__ABOUT THIS EXERCISE__: Transcribe the records in full.

__INPUT MATERIAL__:
*** Begin section ***

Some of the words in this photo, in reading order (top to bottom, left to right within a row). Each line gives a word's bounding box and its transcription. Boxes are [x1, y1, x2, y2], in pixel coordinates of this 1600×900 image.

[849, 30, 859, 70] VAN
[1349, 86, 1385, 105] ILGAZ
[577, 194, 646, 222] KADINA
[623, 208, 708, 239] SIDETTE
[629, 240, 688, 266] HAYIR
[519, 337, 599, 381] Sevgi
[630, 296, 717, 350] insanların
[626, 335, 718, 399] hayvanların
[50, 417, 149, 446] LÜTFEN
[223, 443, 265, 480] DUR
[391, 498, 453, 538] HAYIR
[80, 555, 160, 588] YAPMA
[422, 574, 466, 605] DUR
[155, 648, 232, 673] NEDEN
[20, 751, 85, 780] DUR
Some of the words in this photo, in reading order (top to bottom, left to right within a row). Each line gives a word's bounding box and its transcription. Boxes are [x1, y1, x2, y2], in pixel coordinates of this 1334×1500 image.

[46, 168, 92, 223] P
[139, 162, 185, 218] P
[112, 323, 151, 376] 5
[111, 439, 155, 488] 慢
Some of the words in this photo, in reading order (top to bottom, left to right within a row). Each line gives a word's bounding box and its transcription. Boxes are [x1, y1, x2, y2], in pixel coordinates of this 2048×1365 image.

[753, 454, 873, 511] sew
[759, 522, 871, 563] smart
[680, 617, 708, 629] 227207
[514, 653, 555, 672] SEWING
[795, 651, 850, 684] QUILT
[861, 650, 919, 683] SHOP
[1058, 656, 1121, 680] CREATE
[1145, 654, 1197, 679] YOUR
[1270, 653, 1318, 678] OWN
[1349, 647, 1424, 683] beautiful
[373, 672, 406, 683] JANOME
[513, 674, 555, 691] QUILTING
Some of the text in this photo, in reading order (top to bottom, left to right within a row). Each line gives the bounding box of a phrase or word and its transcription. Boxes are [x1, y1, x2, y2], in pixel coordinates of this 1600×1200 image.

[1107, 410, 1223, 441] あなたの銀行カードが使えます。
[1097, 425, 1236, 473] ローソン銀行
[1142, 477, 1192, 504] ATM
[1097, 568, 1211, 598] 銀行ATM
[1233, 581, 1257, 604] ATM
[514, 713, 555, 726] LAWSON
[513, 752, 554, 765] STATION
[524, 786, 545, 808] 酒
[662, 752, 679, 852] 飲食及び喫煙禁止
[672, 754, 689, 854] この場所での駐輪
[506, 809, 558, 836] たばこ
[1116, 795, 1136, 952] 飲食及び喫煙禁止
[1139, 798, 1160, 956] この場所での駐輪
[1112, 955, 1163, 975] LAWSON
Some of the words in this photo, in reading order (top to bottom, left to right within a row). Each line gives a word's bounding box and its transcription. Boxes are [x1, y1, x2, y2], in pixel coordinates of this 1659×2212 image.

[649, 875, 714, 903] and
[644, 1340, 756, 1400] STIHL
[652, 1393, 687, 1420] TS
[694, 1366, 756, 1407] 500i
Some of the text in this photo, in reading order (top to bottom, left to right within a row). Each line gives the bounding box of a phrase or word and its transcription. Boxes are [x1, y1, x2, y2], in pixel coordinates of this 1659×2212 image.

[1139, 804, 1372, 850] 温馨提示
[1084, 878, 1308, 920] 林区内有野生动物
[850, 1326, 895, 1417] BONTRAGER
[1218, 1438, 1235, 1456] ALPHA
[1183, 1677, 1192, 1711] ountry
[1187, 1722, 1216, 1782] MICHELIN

*** End section ***

__RESPONSE TO THE EXERCISE__:
Some of the words in this photo, in reading order (top to bottom, left to right within a row). Each line gives a word's bounding box and its transcription. Boxes are [x1, y1, x2, y2], in pixel coordinates of this 1600×900 image.

[849, 30, 859, 70] VAN
[1349, 86, 1385, 105] ILGAZ
[577, 194, 646, 222] KADINA
[623, 208, 708, 239] SIDETTE
[629, 240, 688, 266] HAYIR
[519, 337, 599, 381] Sevgi
[630, 296, 717, 350] insanların
[626, 335, 718, 399] hayvanların
[50, 417, 149, 446] LÜTFEN
[223, 443, 265, 480] DUR
[391, 498, 453, 538] HAYIR
[80, 555, 160, 588] YAPMA
[422, 574, 466, 605] DUR
[155, 648, 232, 673] NEDEN
[20, 751, 85, 780] DUR
Some of the words in this photo, in reading order (top to bottom, left to right within a row). Each line gives a word's bounding box and its transcription. Boxes are [x1, y1, x2, y2], in pixel coordinates of this 1334×1500 image.

[46, 168, 92, 223] P
[139, 162, 185, 218] P
[112, 323, 151, 376] 5
[111, 439, 155, 488] 慢
Some of the words in this photo, in reading order (top to bottom, left to right within a row). Each line gives a word's bounding box and its transcription. Boxes are [x1, y1, x2, y2], in pixel coordinates of this 2048×1365 image.

[753, 454, 873, 511] sew
[759, 522, 871, 563] smart
[680, 617, 708, 629] 227207
[514, 653, 555, 672] SEWING
[795, 651, 850, 684] QUILT
[861, 650, 919, 683] SHOP
[1058, 656, 1121, 680] CREATE
[1145, 654, 1197, 679] YOUR
[1270, 653, 1318, 678] OWN
[1349, 647, 1424, 683] beautiful
[373, 672, 406, 683] JANOME
[513, 674, 555, 691] QUILTING
Some of the text in this photo, in reading order (top to bottom, left to right within a row). Each line gives the bounding box of a phrase or word and its transcription. Boxes are [x1, y1, x2, y2], in pixel coordinates of this 1600×1200 image.

[1107, 410, 1223, 441] あなたの銀行カードが使えます。
[1097, 425, 1236, 473] ローソン銀行
[1142, 477, 1192, 504] ATM
[1097, 568, 1211, 598] 銀行ATM
[1233, 581, 1257, 604] ATM
[514, 713, 555, 726] LAWSON
[513, 752, 554, 765] STATION
[524, 786, 545, 808] 酒
[662, 752, 679, 852] 飲食及び喫煙禁止
[672, 754, 689, 854] この場所での駐輪
[506, 809, 558, 836] たばこ
[1116, 795, 1136, 952] 飲食及び喫煙禁止
[1139, 798, 1160, 956] この場所での駐輪
[1112, 955, 1163, 975] LAWSON
Some of the words in this photo, in reading order (top to bottom, left to right within a row). Each line gives a word's bounding box and its transcription. Boxes are [x1, y1, x2, y2], in pixel coordinates of this 1659×2212 image.

[649, 875, 714, 903] and
[644, 1340, 756, 1400] STIHL
[652, 1393, 687, 1420] TS
[694, 1366, 756, 1407] 500i
Some of the text in this photo, in reading order (top to bottom, left to right within a row). Each line gives the bounding box of a phrase or word and its transcription. Boxes are [x1, y1, x2, y2], in pixel coordinates of this 1659×2212 image.

[1139, 804, 1372, 850] 温馨提示
[1084, 878, 1308, 920] 林区内有野生动物
[850, 1326, 895, 1417] BONTRAGER
[1218, 1438, 1235, 1456] ALPHA
[1183, 1677, 1192, 1711] ountry
[1187, 1722, 1216, 1782] MICHELIN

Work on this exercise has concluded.